Input for this task Block Start

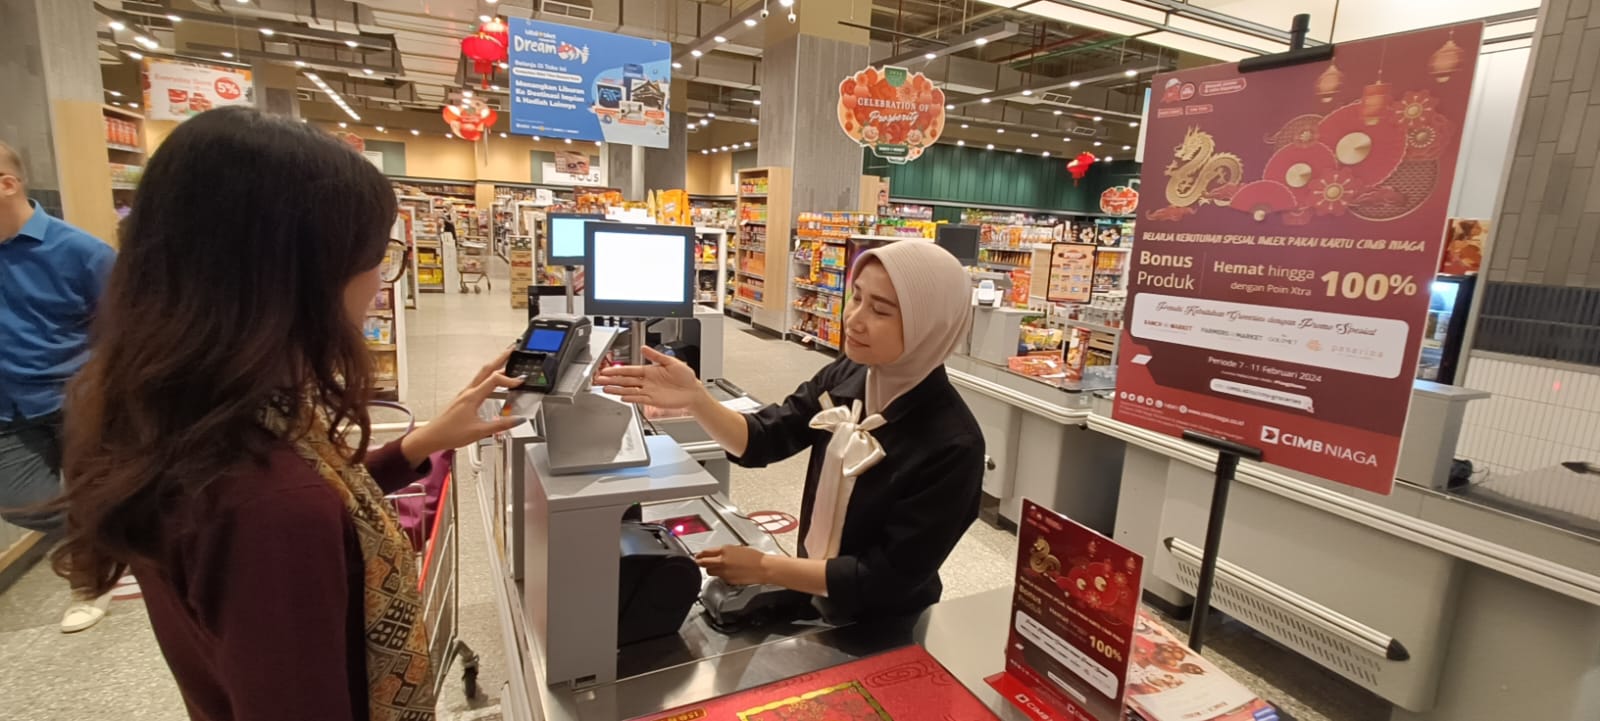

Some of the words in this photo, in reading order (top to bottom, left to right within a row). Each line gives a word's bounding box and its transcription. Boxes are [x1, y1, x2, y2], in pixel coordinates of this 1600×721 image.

[514, 35, 557, 54] Dream
[218, 81, 239, 95] 5%
[559, 85, 585, 94] Liburan
[857, 97, 917, 111] CELEBRATION
[869, 110, 919, 127] Prosperity
[1142, 232, 1174, 242] BELANJA
[1176, 233, 1222, 244] KEBUTUHAN
[1287, 236, 1319, 248] PAKAI
[1320, 237, 1355, 249] KARTU
[1356, 239, 1387, 250] CIMB
[1388, 240, 1426, 252] NIAGA
[1139, 251, 1193, 268] Bonus
[1213, 261, 1264, 276] Hemat
[1268, 265, 1316, 281] hingga
[1137, 271, 1195, 290] Produk
[1230, 282, 1265, 293] dengan
[1267, 283, 1288, 294] Poin
[1290, 286, 1312, 296] Xtra
[1321, 271, 1417, 301] 100%
[1170, 323, 1192, 331] MARKET
[1298, 318, 1333, 330] Promo
[1236, 332, 1263, 341] MARKET
[1208, 356, 1237, 367] Periode
[1251, 364, 1260, 372] 11
[1262, 366, 1298, 378] Februari
[1299, 372, 1322, 382] 2024
[1281, 433, 1323, 453] CIMB
[1325, 443, 1378, 467] NIAGA
[1089, 635, 1122, 662] 100%
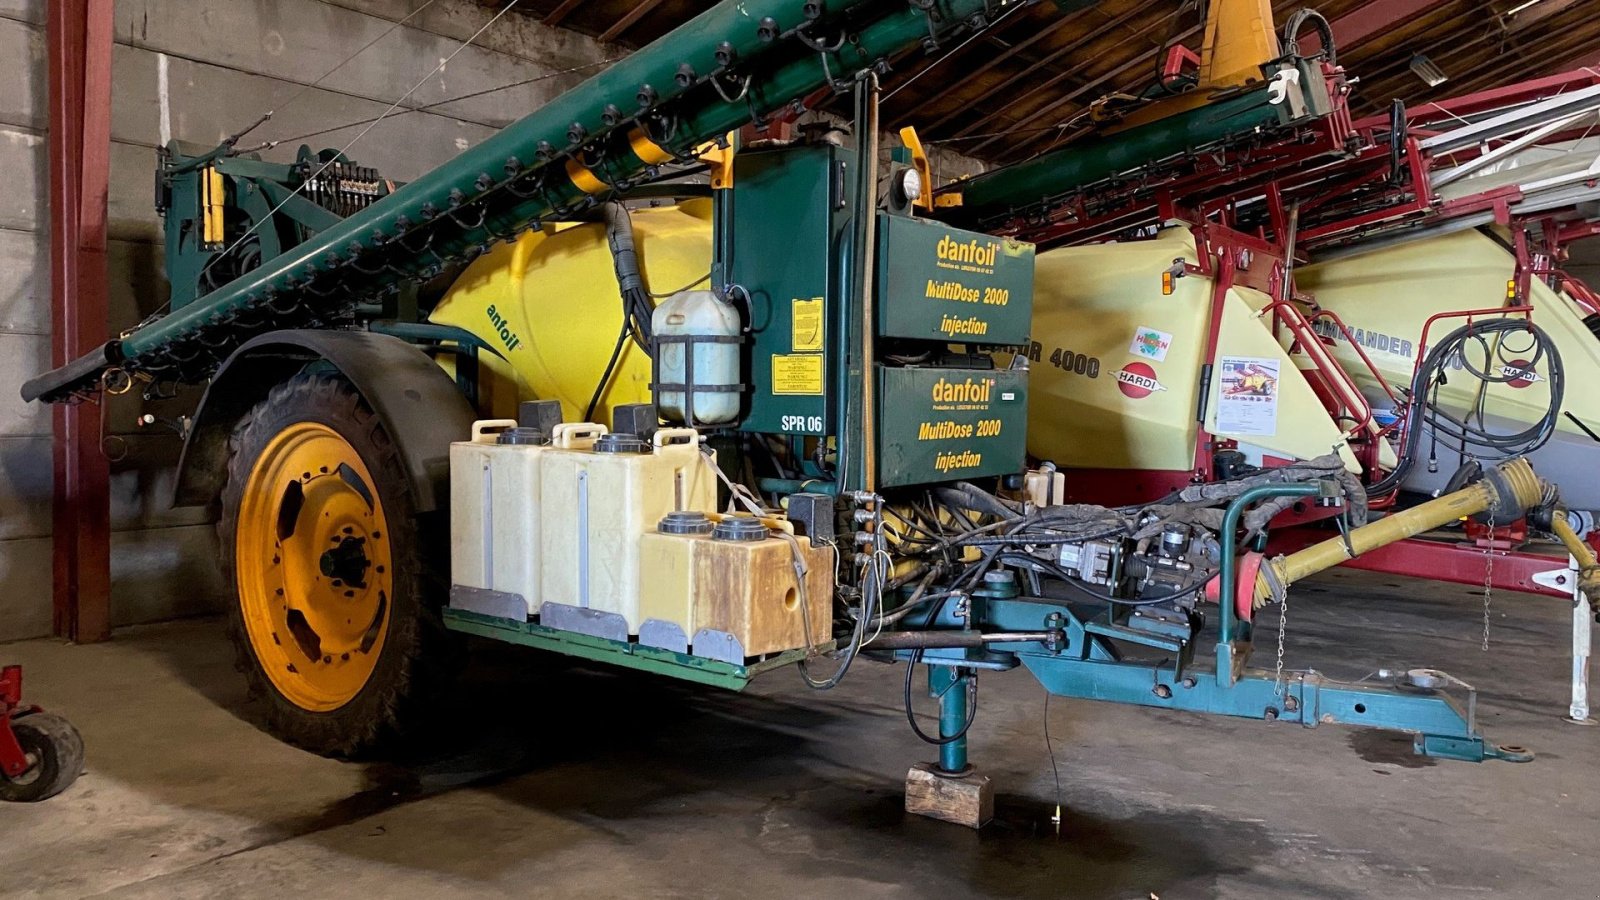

Input for this task Block End

Activity:
Pictures aside, repeat every entry exactly as written.

Exercise answer:
Some of the words in this photo, in reading order (top to bottom, left to right within a row). Each line gives a word's bounding box and its transcription. Boxes are [x1, y1, x2, y2], in pixel coordinates of this 1600×721 image.

[514, 35, 557, 54] Dream
[218, 81, 239, 95] 5%
[559, 85, 585, 94] Liburan
[857, 97, 917, 111] CELEBRATION
[869, 110, 919, 127] Prosperity
[1142, 232, 1174, 242] BELANJA
[1176, 233, 1222, 244] KEBUTUHAN
[1287, 236, 1319, 248] PAKAI
[1320, 237, 1355, 249] KARTU
[1356, 239, 1387, 250] CIMB
[1388, 240, 1426, 252] NIAGA
[1139, 251, 1193, 268] Bonus
[1213, 261, 1264, 276] Hemat
[1268, 265, 1316, 281] hingga
[1137, 271, 1195, 290] Produk
[1230, 282, 1265, 293] dengan
[1267, 283, 1288, 294] Poin
[1290, 286, 1312, 296] Xtra
[1321, 271, 1417, 301] 100%
[1170, 323, 1192, 331] MARKET
[1298, 318, 1333, 330] Promo
[1236, 332, 1263, 341] MARKET
[1208, 356, 1237, 367] Periode
[1251, 364, 1260, 372] 11
[1262, 366, 1298, 378] Februari
[1299, 372, 1322, 382] 2024
[1281, 433, 1323, 453] CIMB
[1325, 443, 1378, 467] NIAGA
[1089, 635, 1122, 662] 100%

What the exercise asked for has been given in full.